On August 31, 2021, PG Maros Zilinka, used Article 363 to dismiss corruption charges against the former director of the Slovak Secret Service (SIS) and four other prominent individuals, who were held in custody. The significance of this action can only be understood from its context. The charges, previously upheld by multiple courts, including the Supreme Court and the Constitutional Court, were brought by the Special Prosecutor, who holds jurisdiction over corruption cases, not the PG. The PG was nominated by the same political party as the indicted former SIS director, who is also related to two members of the party (SME Rodina, “We are Family” in English). The PG resorted to this special remedy to drop the charges shortly before the expiration of this option. He has since then (2022-2023) used Article 363 to stop the investigation and indictment of former Prime Minister Fico (founding member of the SMER-SSD) and Robert Kalinak (interior minister 2006-2010 and 2012-2018).
Several attempts were made to limit the power of the Prosecutor General. As early as 2020, the government announced that it would restrict the use of Article 363, however, the two proposals tabled in Parliament in 2022 did not receive enough votes, because they were not supported by MPs from at least two coalition parties. In June 2023, President Zuzana Caputova and a group of parliamentarians appealed to the Constitutional Court, challenging the constitutionality of Article 363. They argued that the provision, in its current form, contradicted the principle of the triple separation of powers, was unreviewable in its application, and violated the independence of the judiciary. However, the Constitutional Court ruled that Article 363 did not contravene neither the Slovak Constitution, nor the principle of separation of powers, nor the principle of legal certainty.
Civil society organizations argue that the court’s assessment focused on the provision’s conformity with the constitution rather than its actual application, and that the article continues to be in need of reform and clarification.

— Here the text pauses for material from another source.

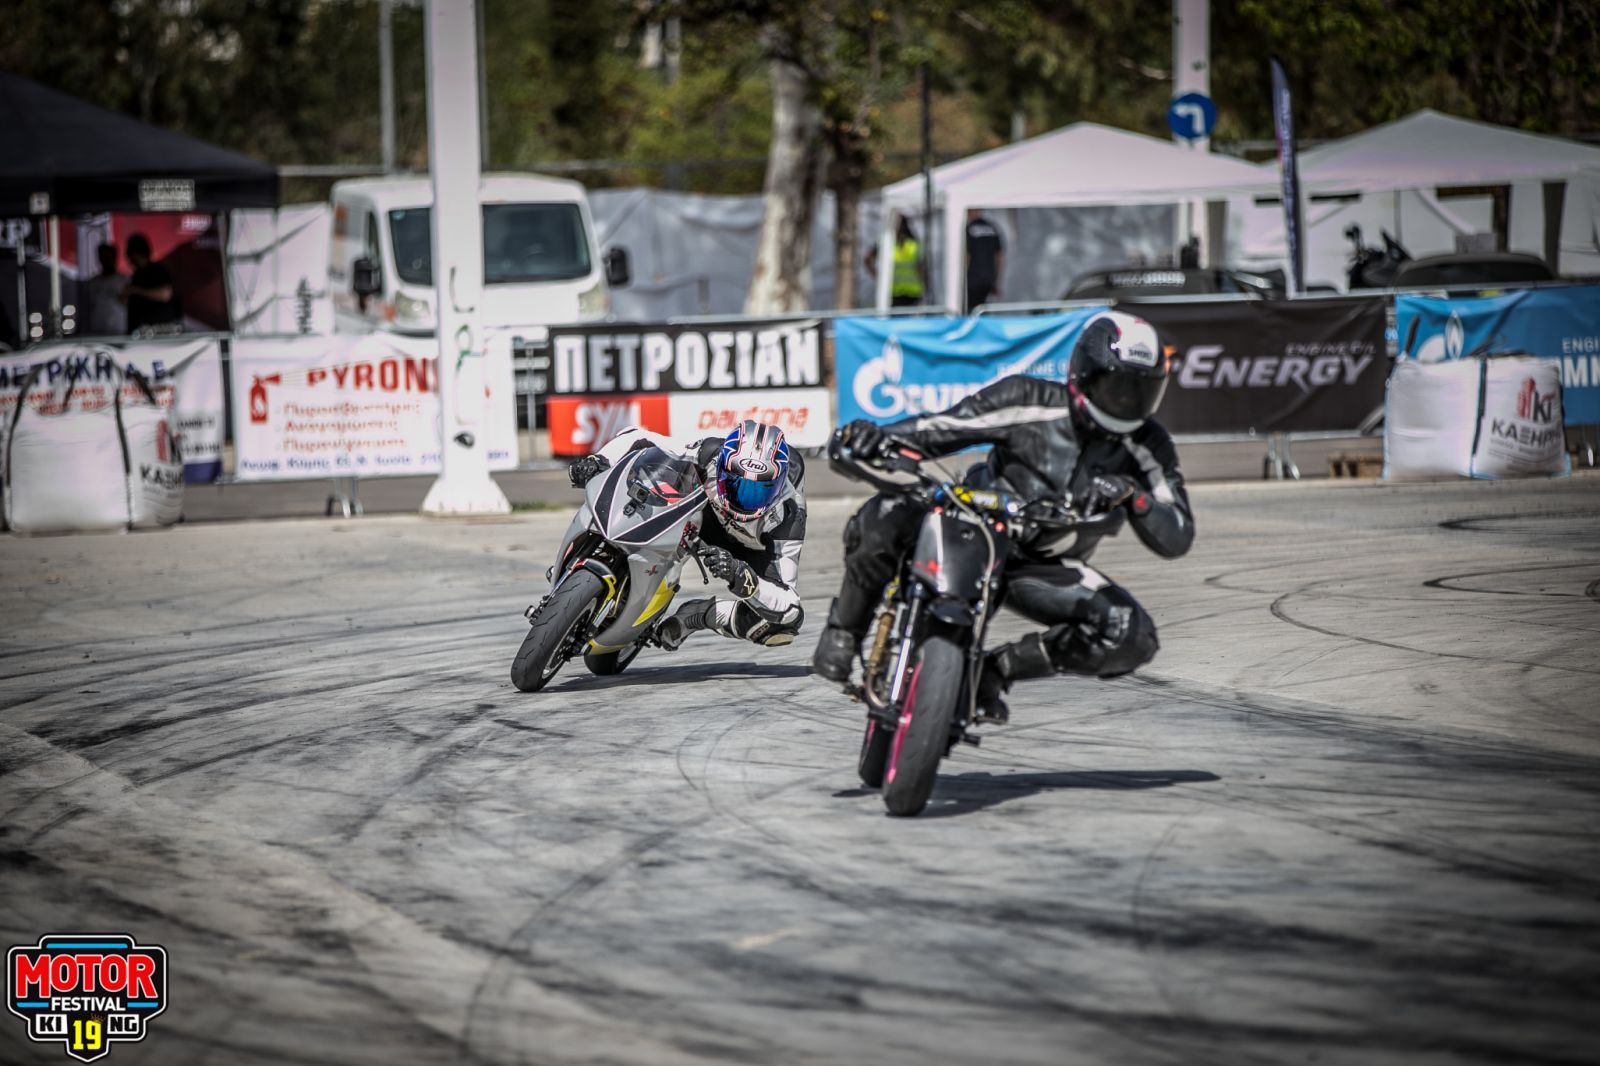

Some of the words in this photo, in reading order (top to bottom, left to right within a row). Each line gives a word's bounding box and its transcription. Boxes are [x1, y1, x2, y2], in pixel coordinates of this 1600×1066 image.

They emphasize the ambiguities in its wording, leading to its opaque and unpredictable application, the lack of clarity regarding the types of orders it can modify, and the timeframes they consider too lengthy.
All these factors together have raised serious concerns about the trust in a fair criminal prosecution in Slovakia, irrespective of the current Prosecutor General (PG). The fact that the PG has used this tool for two years has not only shaken the foundations of the rule of law, but also impeded the prosecution of corruption cases linked to former Prime Minister Fico. This situation potentially paves the way for his return to power, which would make Slovakia embark on a trajectory resembling that of Hungary. These developments not only expose a lack of fairness, but also cast doubt on the integrity of the legal system. With public trust diminishing both among experts and the general population, there is a pressing need for action. What is now in jeopardy is the rule of law, which constitutes a cornerstone of fair treatment. It is of the utmost importance to take decisive steps to restore confidence in the criminal prosecution and uphold the rule of law in Slovakia.